What this task involves: Set every entry down again, unchanged, picture-free.

*****

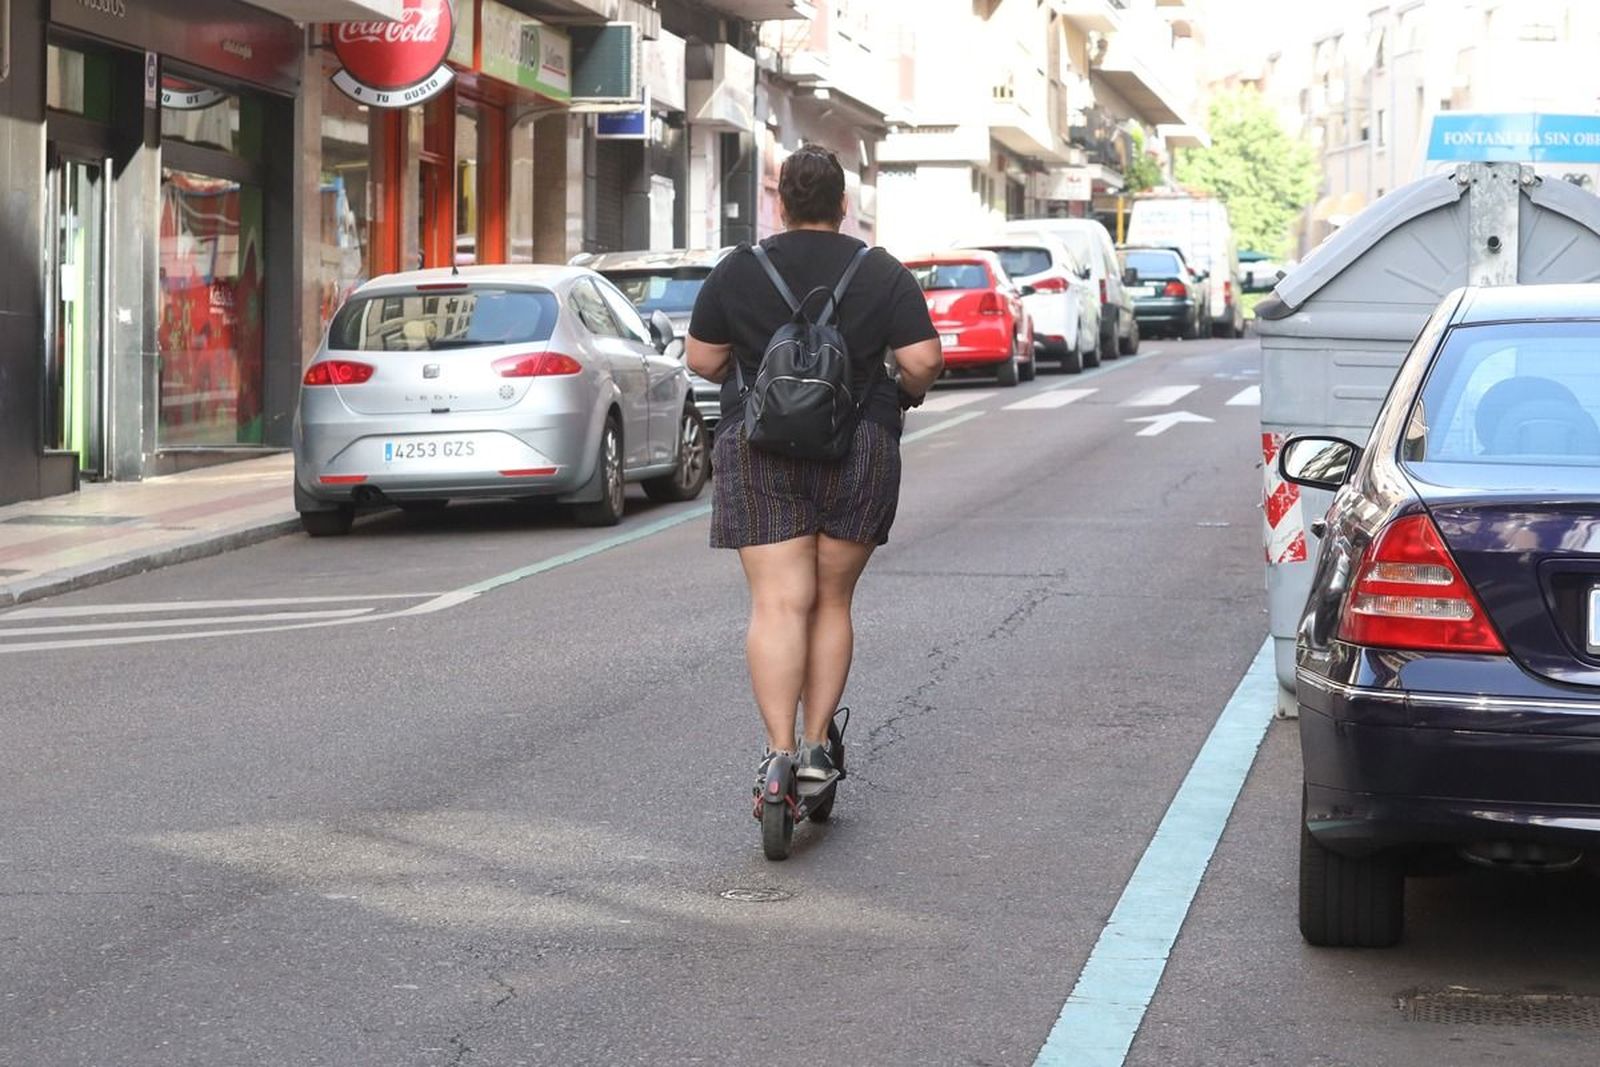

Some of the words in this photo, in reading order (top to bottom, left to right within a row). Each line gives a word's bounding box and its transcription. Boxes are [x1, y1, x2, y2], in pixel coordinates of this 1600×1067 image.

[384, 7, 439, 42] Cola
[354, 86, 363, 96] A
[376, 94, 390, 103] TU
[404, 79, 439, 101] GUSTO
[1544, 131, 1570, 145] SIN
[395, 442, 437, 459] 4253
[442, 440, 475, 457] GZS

*****

Problem solution:
Some of the words in this photo, in reading order (top to bottom, left to right within a row). Each line gives a word's bounding box and its transcription. Boxes are [x1, y1, x2, y2], in pixel coordinates of this 1600×1067 image.

[384, 7, 439, 42] Cola
[354, 86, 363, 96] A
[376, 94, 390, 103] TU
[404, 79, 439, 101] GUSTO
[1544, 131, 1570, 145] SIN
[395, 442, 437, 459] 4253
[442, 440, 475, 457] GZS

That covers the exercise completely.